吾唯足知

 このところ、ようやくお腹の痛みも落ち着き始め、仕事の合間にネットを見てはスピーカーやらアンプやらのレヴューを見たり、ショッピングサイトに行っては値段を見ている。オーディオにそそられるのは大学生の時以来だろうか。以前に考えれば、機器の値段は一部のマニア向けなものを除けばそこそこに入手しやすいようになっている。憧れのJBLだって、射程範囲だし、ローンを組めばあのタンノイだって夢じゃない。なんてことを考えている時が一番楽しい。

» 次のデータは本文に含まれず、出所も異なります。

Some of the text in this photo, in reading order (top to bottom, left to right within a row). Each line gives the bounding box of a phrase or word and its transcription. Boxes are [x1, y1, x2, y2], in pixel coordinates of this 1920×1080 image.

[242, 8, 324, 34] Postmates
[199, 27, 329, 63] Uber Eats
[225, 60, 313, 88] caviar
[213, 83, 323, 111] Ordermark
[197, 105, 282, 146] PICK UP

 ところが、一方で、「そんなに金かけて、音楽聴くか?」と自問する自分もいる。スピーカーとアンプを揃えても音源がMacに入っているiTuneのもので、当然データ的に圧縮されたものだから、CDよりも良くない。かといって、圧縮データの音源とCDの音源との違いを聞き分けるほどの耳もない。言語学でも音声を専門にする人たちは音にうるさくて、オーディオに凝る人も珍しくないけれど、自分はそのタイプじゃない。それに、書斎に引きこもることは多けれど、本を読んでいることが多いから、音楽をかけて1日を過ごすこともない。それどころか、コンピュータにしても基本的に持ち歩けないものは買わないというこだわりがある。デスクトップのように居場所が固定されるものは好きになれないのだ。今はノート型のMacBook Proで、結局机の上に置いたままだけれど、いざとなったら、持ち出せるということが大きい。だから、iMac Retinaに惹かれてはいるけれど、購入するかと言われれば、やっぱりしないんじゃないかなって思う。

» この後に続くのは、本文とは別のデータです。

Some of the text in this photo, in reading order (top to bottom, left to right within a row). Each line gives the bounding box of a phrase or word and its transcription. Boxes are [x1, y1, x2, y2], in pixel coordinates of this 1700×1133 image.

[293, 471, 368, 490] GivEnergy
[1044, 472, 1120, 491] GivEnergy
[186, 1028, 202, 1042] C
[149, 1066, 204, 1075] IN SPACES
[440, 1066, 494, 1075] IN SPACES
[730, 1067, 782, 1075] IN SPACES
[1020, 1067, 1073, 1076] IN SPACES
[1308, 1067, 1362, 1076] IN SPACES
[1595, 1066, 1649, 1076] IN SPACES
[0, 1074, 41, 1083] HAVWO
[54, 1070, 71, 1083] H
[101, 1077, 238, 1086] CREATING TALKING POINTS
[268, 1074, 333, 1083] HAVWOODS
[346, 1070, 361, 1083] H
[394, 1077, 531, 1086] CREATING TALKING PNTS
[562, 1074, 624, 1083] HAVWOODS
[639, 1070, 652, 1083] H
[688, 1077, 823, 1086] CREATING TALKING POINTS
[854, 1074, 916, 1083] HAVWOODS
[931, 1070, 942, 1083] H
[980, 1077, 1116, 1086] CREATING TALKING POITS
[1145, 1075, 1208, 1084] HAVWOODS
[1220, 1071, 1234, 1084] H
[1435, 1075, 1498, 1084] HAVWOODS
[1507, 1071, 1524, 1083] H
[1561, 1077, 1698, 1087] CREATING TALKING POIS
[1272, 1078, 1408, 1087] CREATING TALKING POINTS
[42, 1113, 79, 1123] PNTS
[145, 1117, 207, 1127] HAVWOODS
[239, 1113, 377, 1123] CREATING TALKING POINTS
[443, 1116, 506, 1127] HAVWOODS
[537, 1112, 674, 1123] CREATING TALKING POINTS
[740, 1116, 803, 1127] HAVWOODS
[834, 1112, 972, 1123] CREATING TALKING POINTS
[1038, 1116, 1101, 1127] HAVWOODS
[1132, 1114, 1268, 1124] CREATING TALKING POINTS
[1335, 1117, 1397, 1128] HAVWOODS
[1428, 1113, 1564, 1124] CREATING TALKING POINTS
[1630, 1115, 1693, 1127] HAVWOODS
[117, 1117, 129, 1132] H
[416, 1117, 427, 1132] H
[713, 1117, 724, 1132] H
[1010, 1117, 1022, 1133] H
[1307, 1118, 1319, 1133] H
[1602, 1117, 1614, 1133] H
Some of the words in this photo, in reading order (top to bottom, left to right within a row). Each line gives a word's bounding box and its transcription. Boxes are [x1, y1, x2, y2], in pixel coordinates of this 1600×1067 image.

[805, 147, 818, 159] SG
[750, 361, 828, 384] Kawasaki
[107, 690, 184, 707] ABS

 こんな考えでいると、今度は、「じゃあ、イヤホンに金をかければいいんじゃないの?いつでも持ち歩けるし」なんて考えも浮かんでくる。調べてみると10万円を超えるイヤホンもあることに驚く。じゃあ、例えば、それを購入して、いつでも音楽聴くかっていうと、実はいつも聞いているのは、昔の城達也のナレーションとノイズがバッチリ載った昔のJet Streamの放送録音だったりする。

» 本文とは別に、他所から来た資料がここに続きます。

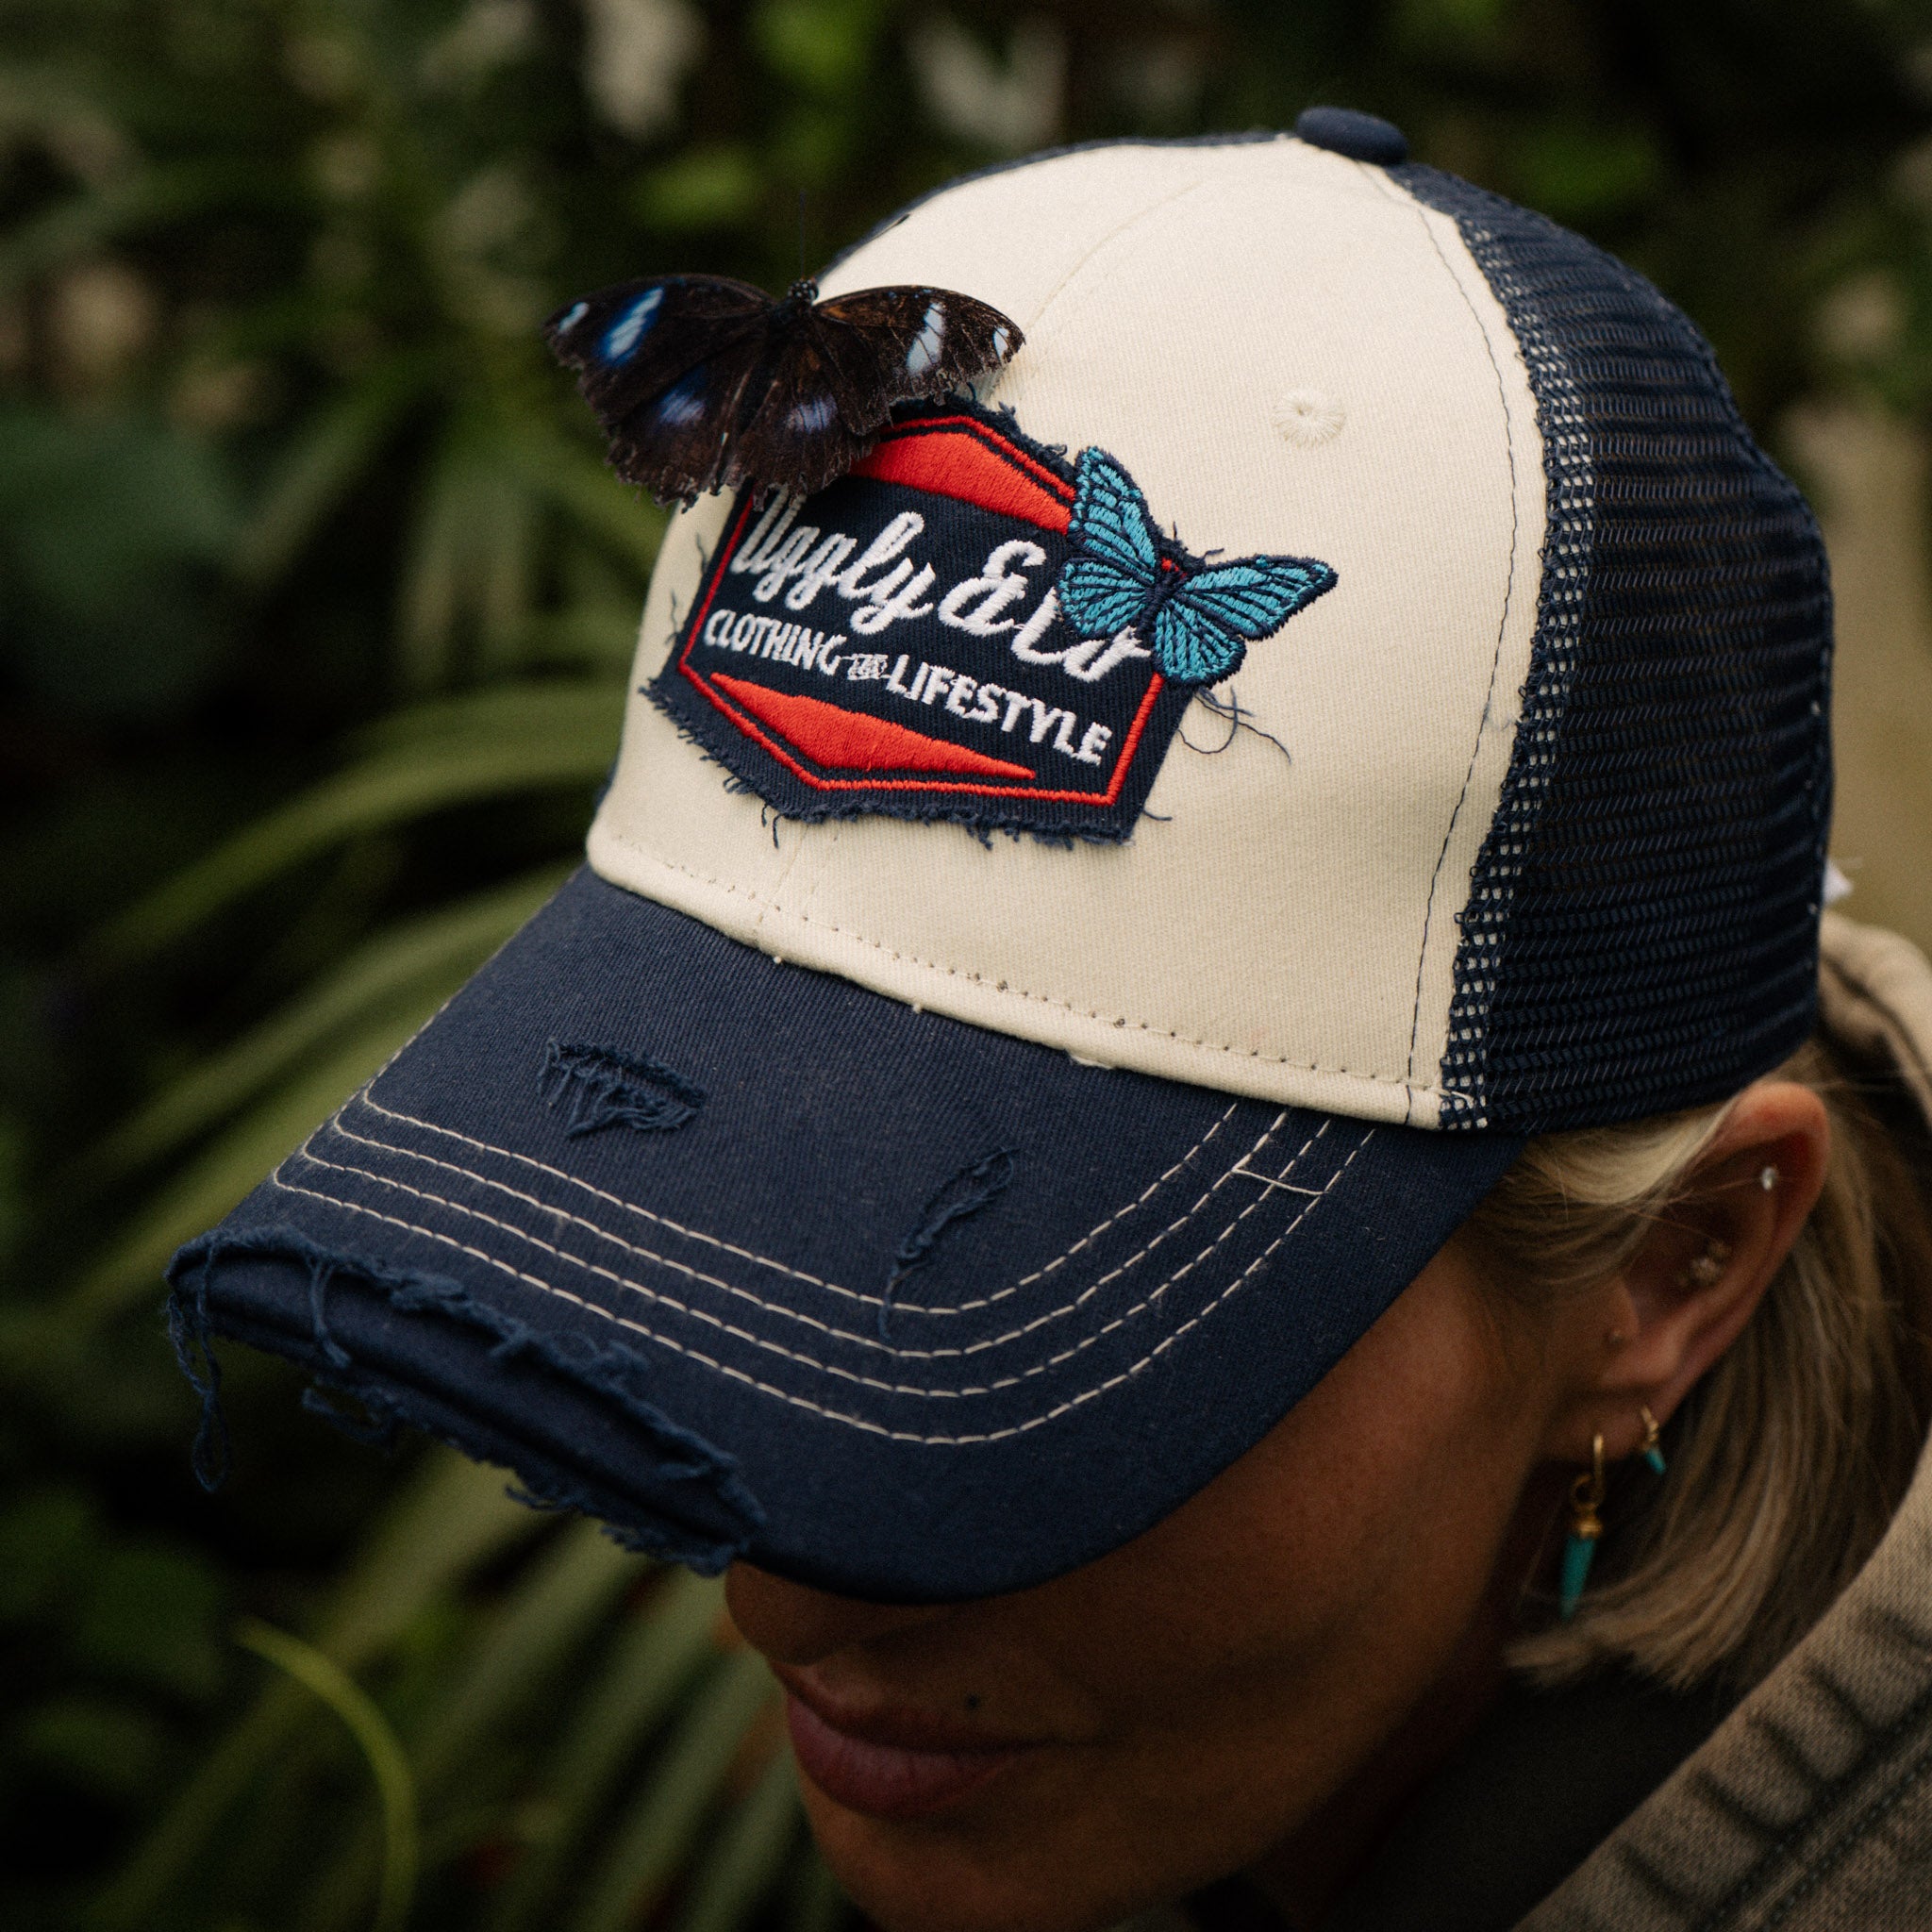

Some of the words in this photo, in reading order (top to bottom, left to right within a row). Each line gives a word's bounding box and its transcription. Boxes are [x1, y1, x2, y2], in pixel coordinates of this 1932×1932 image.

[937, 539, 1047, 637] &
[704, 608, 847, 675] CLOTHING
[886, 654, 1113, 767] LIFESTYLE

 結局、何かを買うという行為に対する欲望が渦巻いているだけで、本当はその対象となるモノが欲しいわけじゃないってことに気づき、「やっぱり、やめるか」ってことになってしまうわけ。今使っているものでも十分、いや、それさえ、パフォーマンスを十分に引き出しているかって自問すると、口ごもってしまう。物欲というのは、実は一つの動機付けになるし、何かを買うために頑張るとか、何かを買って、ローンを組んだ場合は、借金返済のために頑張るぞってエネルギーになるので、決して悪いことではないと思う。でも、そのエネルギーに見合う買い物でなければ、意義のある物欲にはならないのかもしれない。